• Assigned task: Output only the span of lines that begins at the line containing "this 1506×1474 image." and ends at the last line of the data, both included, exactly as they appear.

• Input material:
*** Begin section ***

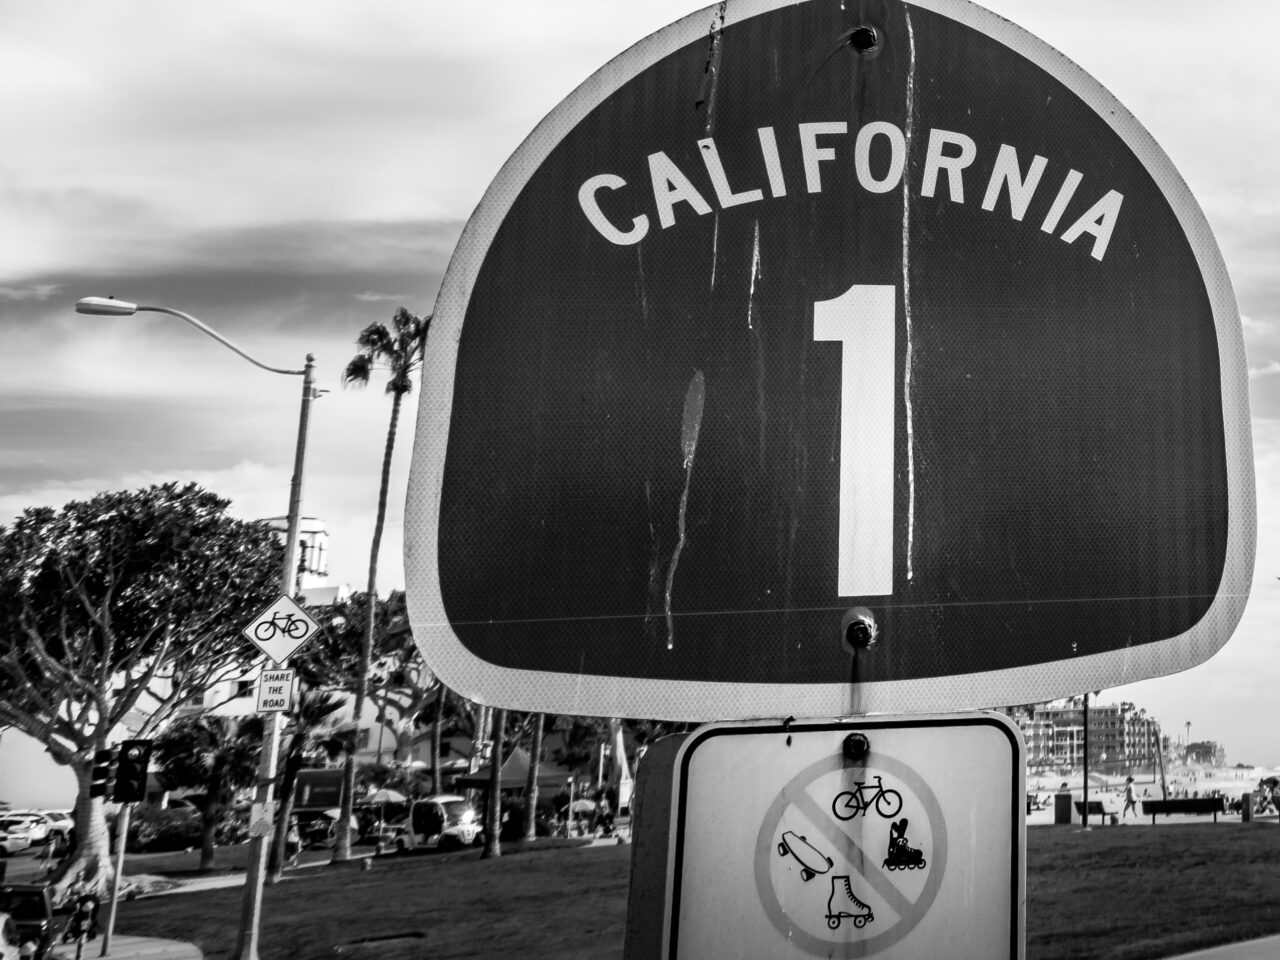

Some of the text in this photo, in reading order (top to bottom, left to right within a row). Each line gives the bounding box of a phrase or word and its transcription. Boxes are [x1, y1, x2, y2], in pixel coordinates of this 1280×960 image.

[578, 121, 1125, 262] CALIFORNIA
[813, 284, 896, 597] 1
[263, 673, 291, 682] SHARE
[268, 685, 283, 695] THE
[262, 699, 285, 708] ROAD
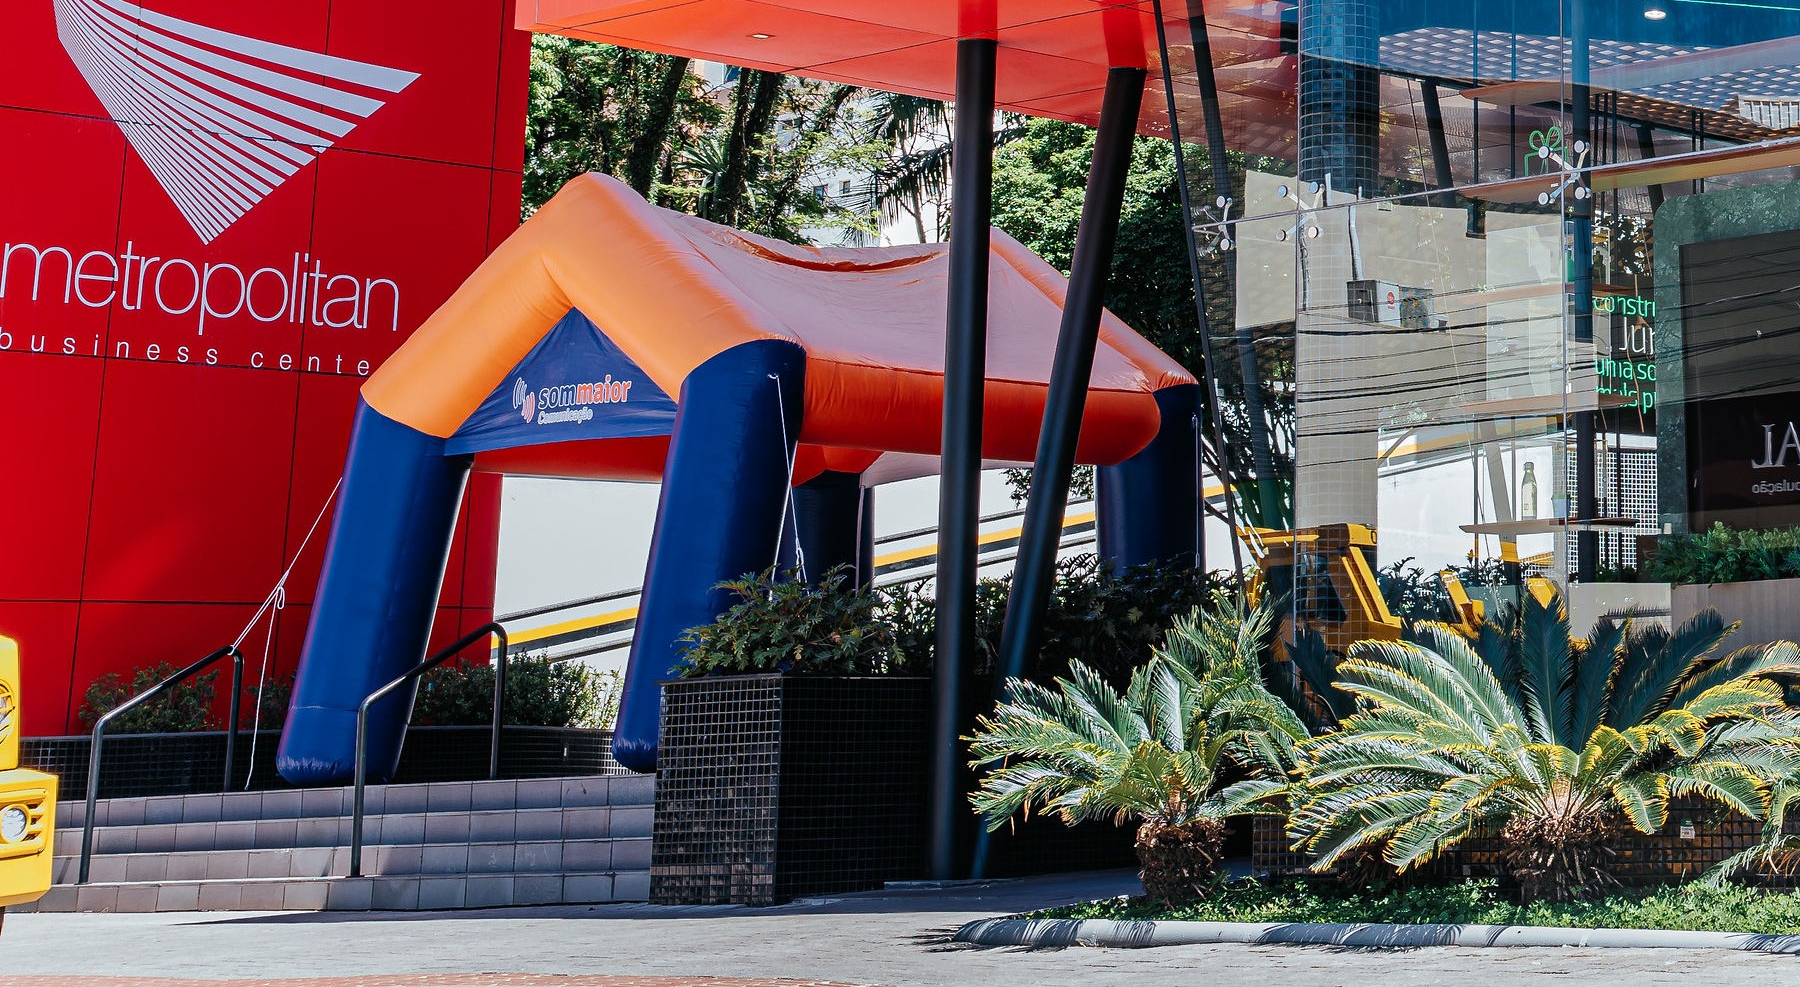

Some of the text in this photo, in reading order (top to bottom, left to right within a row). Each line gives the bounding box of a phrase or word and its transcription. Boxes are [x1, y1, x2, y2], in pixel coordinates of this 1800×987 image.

[0, 241, 400, 336] metropolitan
[0, 327, 373, 375] business cente
[537, 374, 632, 410] sommaior
[537, 408, 593, 425] Comunicação
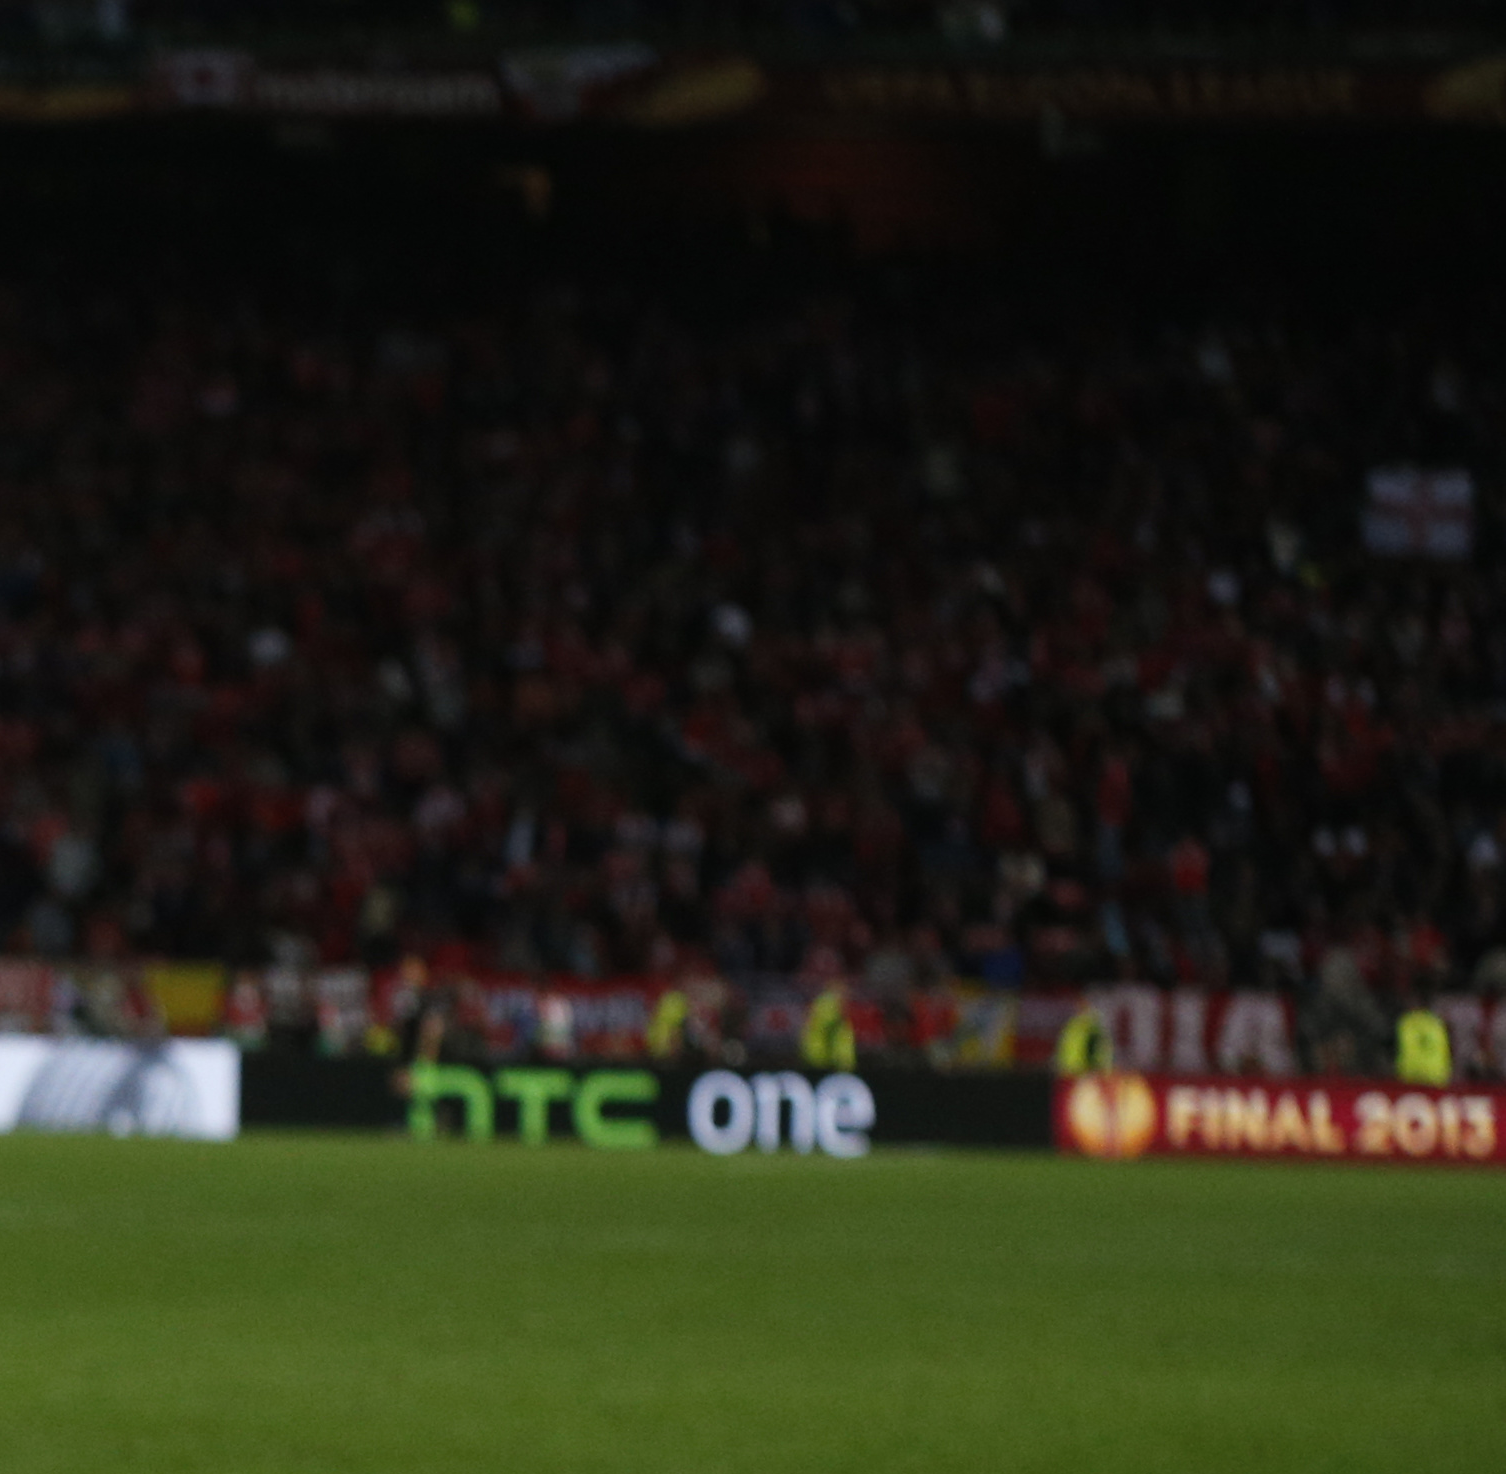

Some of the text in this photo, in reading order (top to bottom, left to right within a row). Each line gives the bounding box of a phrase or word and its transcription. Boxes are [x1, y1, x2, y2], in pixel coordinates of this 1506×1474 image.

[687, 1069, 877, 1158] one
[1165, 1085, 1497, 1159] FINAL 2013

*** End section ***

• Your solution:
Some of the text in this photo, in reading order (top to bottom, left to right within a row). Each line gives the bounding box of a phrase or word and its transcription. Boxes are [x1, y1, x2, y2], in pixel coordinates of this 1506×1474 image.

[687, 1069, 877, 1158] one
[1165, 1085, 1497, 1159] FINAL 2013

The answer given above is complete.